◆ **ABOUT THIS EXERCISE**
All lines in the records below from the line with "Some of the text" through the line with "this 1920×1280 image." are to be given again exactly, both ends included; the pictures are to be left out.

◆ **DATA RECORDS**

*** Block opens ***

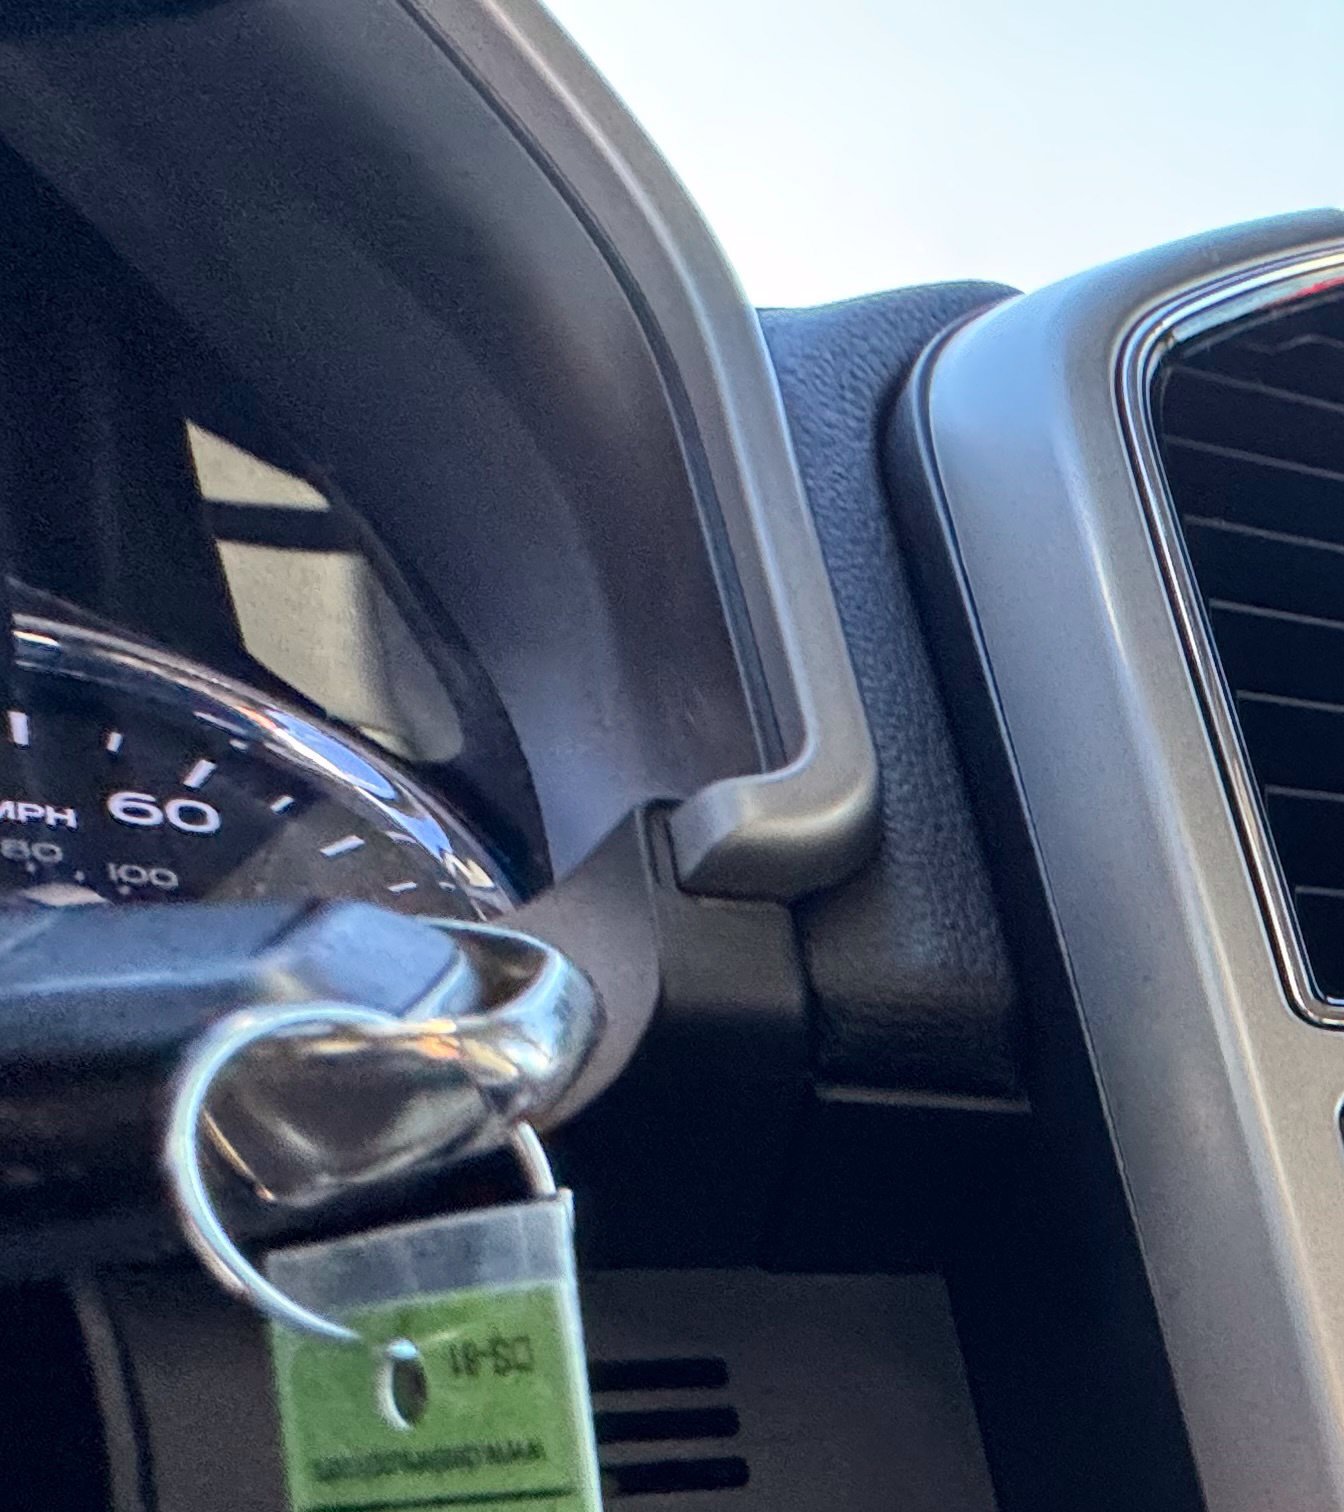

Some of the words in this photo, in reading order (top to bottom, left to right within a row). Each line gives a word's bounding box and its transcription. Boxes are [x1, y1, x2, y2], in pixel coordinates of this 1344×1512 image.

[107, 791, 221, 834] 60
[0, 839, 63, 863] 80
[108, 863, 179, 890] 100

*** Block closes ***
*** Block opens ***

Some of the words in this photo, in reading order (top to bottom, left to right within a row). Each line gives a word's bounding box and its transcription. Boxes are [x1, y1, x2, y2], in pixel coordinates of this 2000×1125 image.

*** Block closes ***
*** Block opens ***

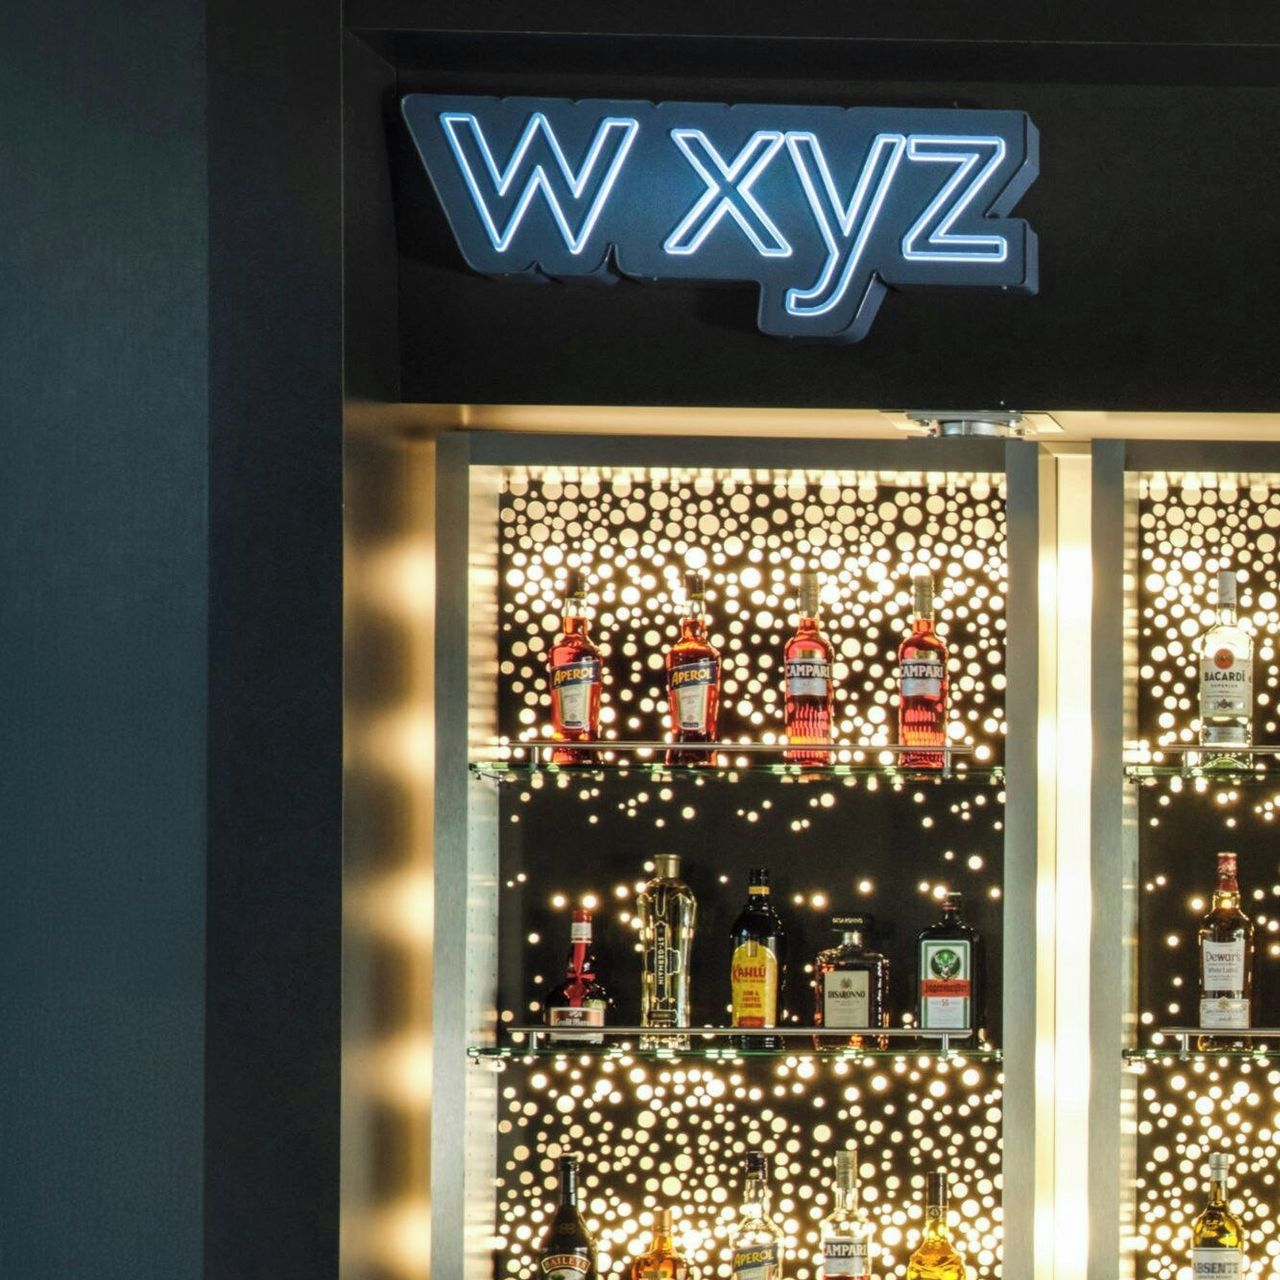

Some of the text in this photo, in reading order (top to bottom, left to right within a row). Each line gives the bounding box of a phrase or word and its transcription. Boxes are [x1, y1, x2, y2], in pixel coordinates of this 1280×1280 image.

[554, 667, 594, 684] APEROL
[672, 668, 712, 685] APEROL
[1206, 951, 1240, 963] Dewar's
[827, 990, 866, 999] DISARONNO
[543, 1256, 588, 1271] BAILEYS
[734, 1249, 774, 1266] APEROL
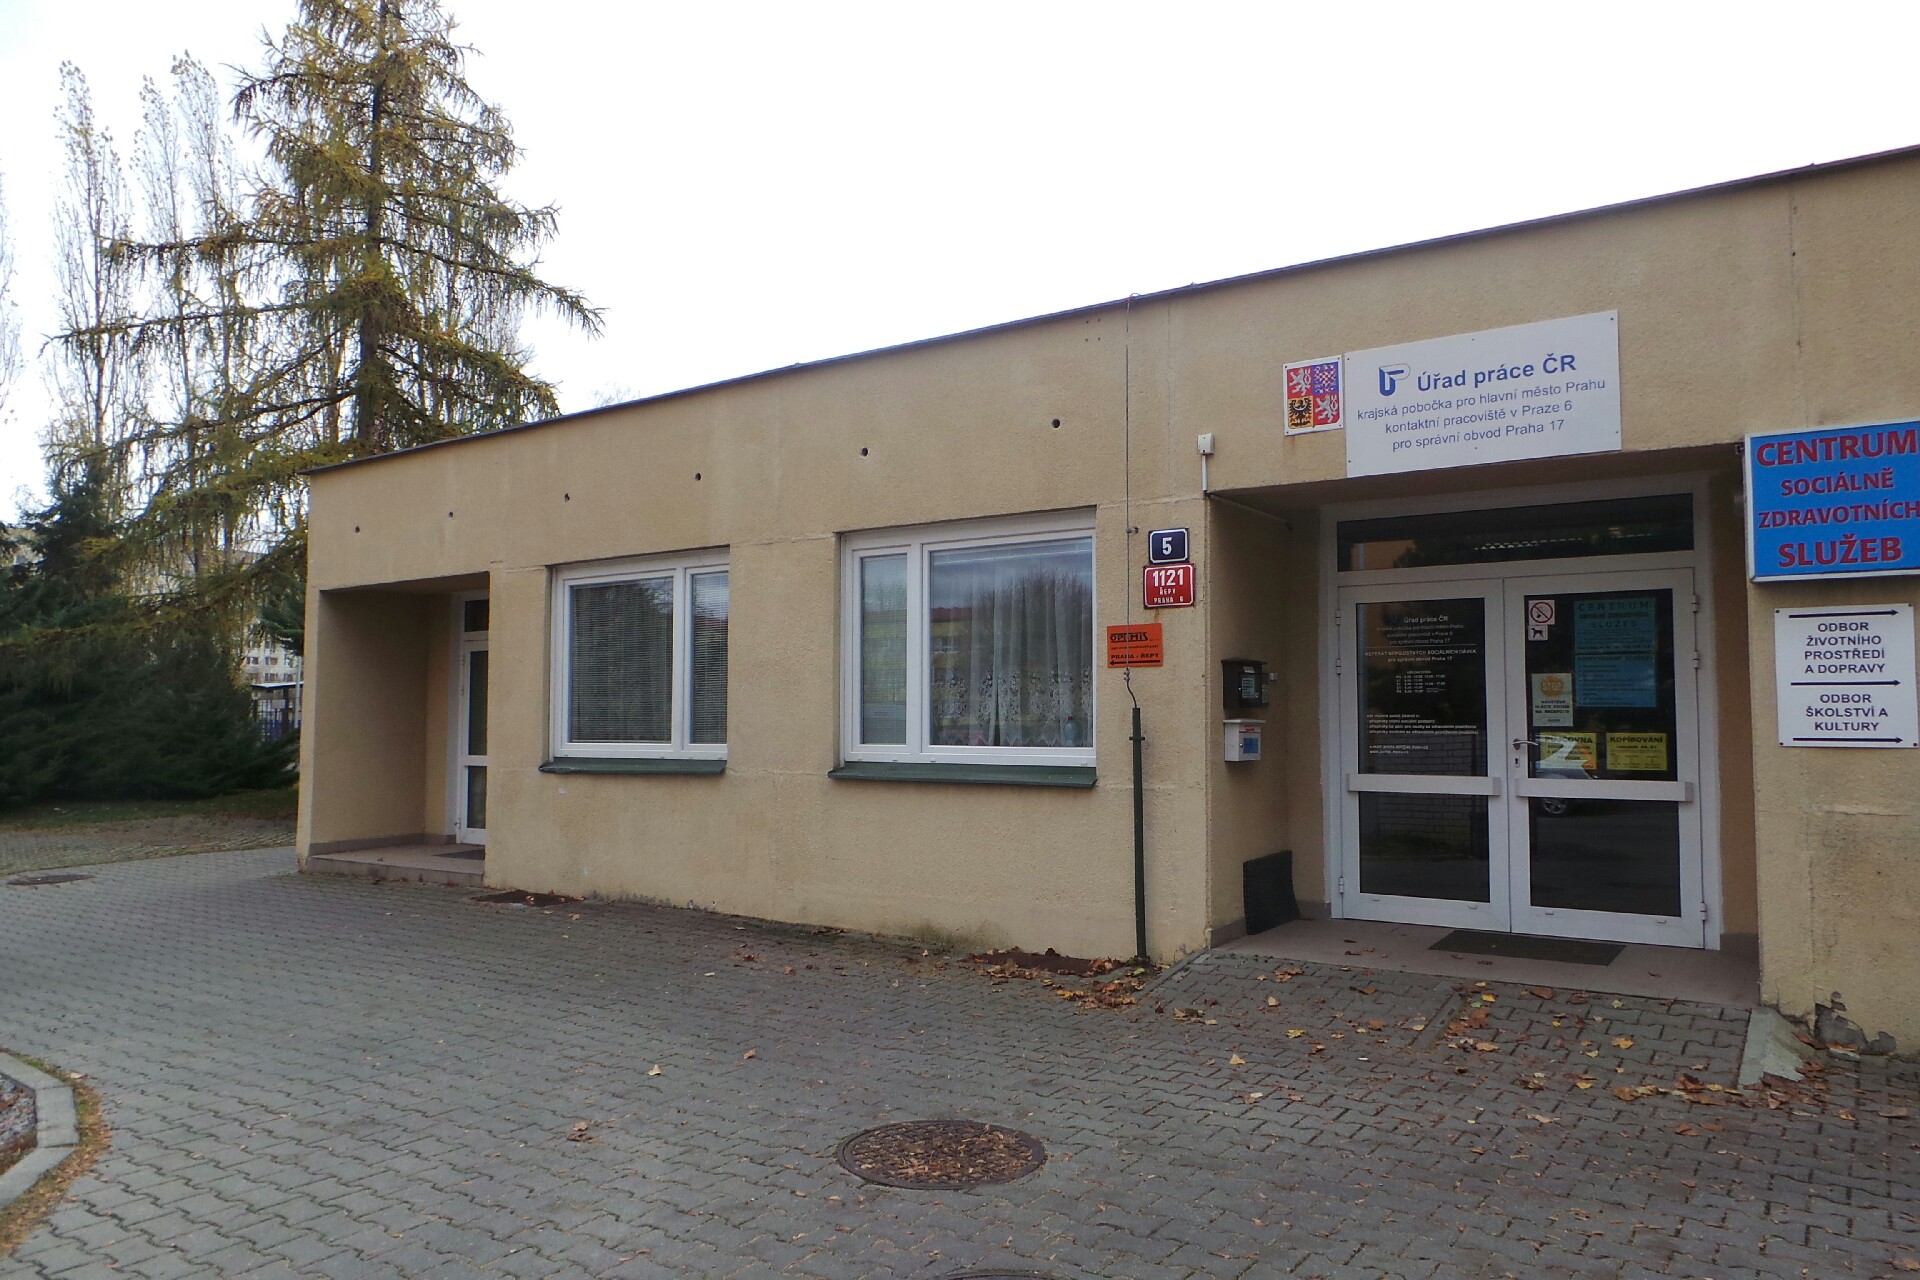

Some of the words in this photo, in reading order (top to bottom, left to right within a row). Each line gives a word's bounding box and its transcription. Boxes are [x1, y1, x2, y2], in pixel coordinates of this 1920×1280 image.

*** Block closes ***

◆ **SOLVED PROBLEM**
Some of the text in this photo, in reading order (top to bottom, left to right within a row). Each line gives the bounding box of a phrase or word and its transcription. Boxes are [x1, y1, x2, y2], in pixel coordinates of this 1280×1280 image.

[554, 667, 594, 684] APEROL
[672, 668, 712, 685] APEROL
[1206, 951, 1240, 963] Dewar's
[827, 990, 866, 999] DISARONNO
[543, 1256, 588, 1271] BAILEYS
[734, 1249, 774, 1266] APEROL

Some of the words in this photo, in reading order (top to bottom, left to right within a row). Each line gives a word's bounding box and its transcription. Boxes are [x1, y1, x2, y2], in pixel coordinates of this 1920×1280 image.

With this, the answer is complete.